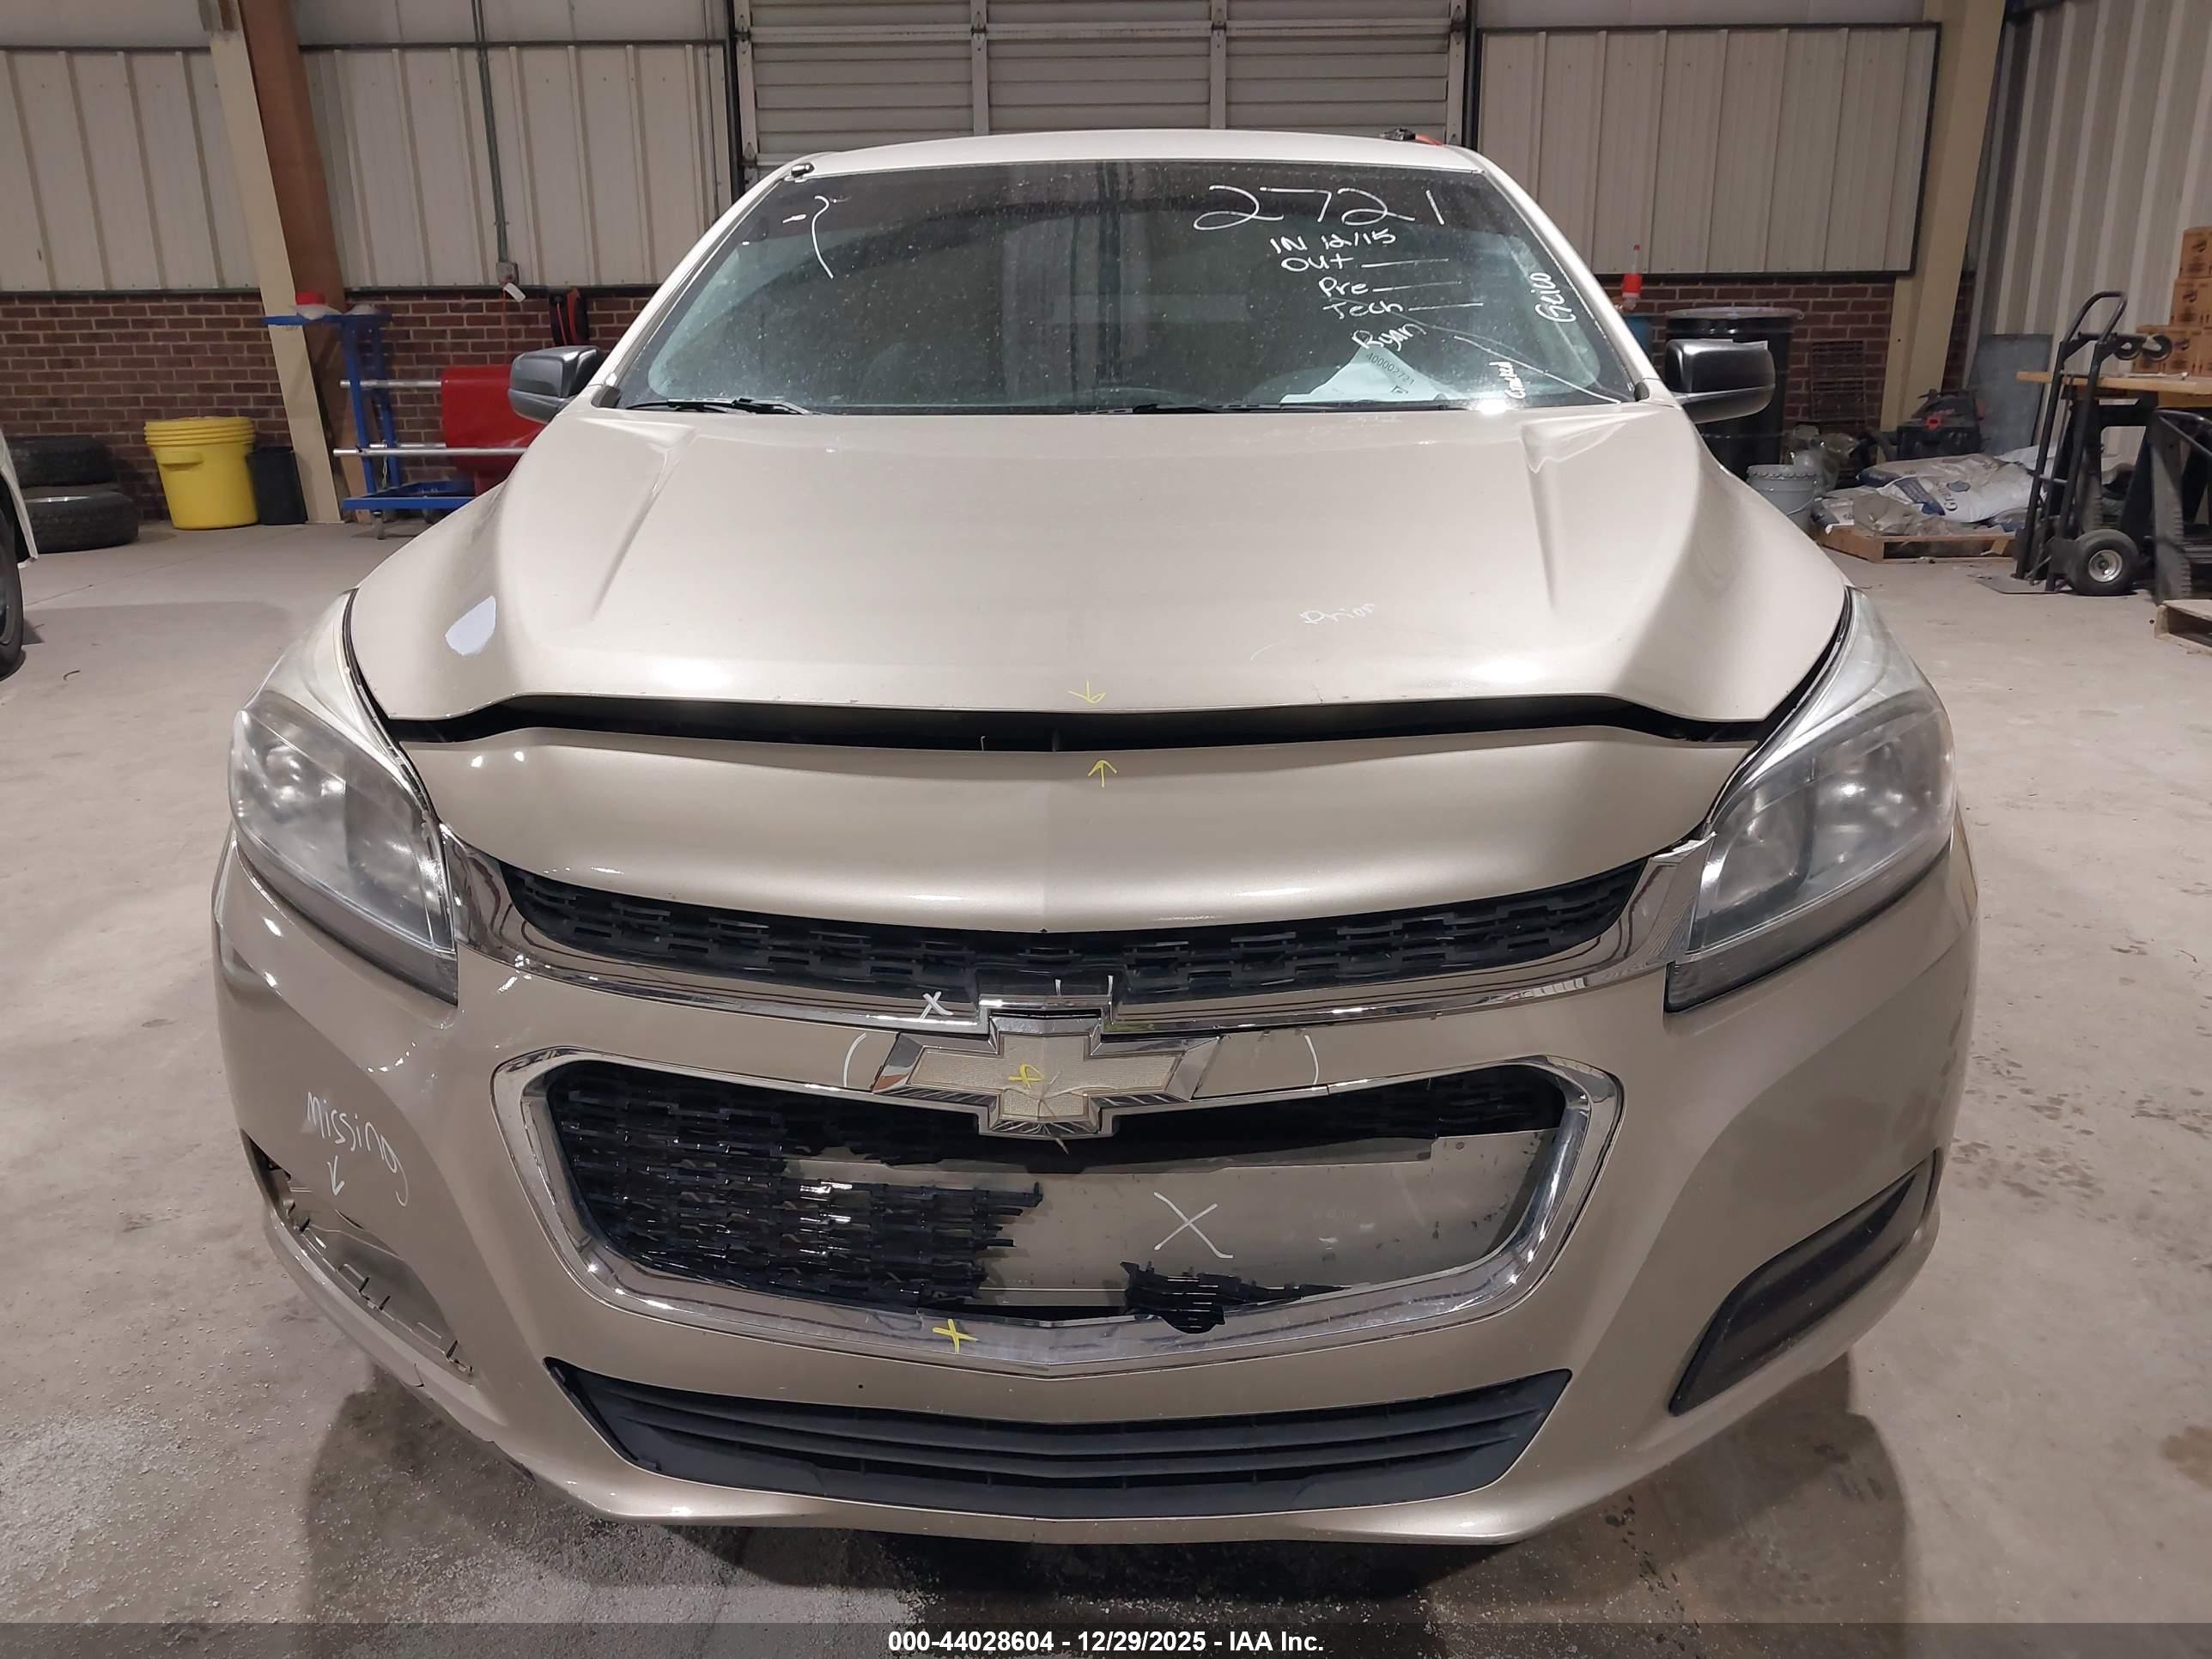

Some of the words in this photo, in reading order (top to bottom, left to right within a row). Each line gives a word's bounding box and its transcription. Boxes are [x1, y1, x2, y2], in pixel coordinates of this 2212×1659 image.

[1193, 185, 1445, 230] 2721
[1270, 235, 1308, 254] IN
[1321, 228, 1397, 250] 12/15
[1318, 276, 1370, 298] Pre
****************************************
• [TASK OBJECTIVE] Reprint the whole listing above exactly, taking out the pictures.

• [SOLUTION TO THIS PROBLEM]
Some of the words in this photo, in reading order (top to bottom, left to right within a row). Each line gives a word's bounding box and its transcription. Boxes are [x1, y1, x2, y2], in pixel coordinates of this 2212×1659 image.

[1193, 185, 1445, 230] 2721
[1270, 235, 1308, 254] IN
[1321, 228, 1397, 250] 12/15
[1318, 276, 1370, 298] Pre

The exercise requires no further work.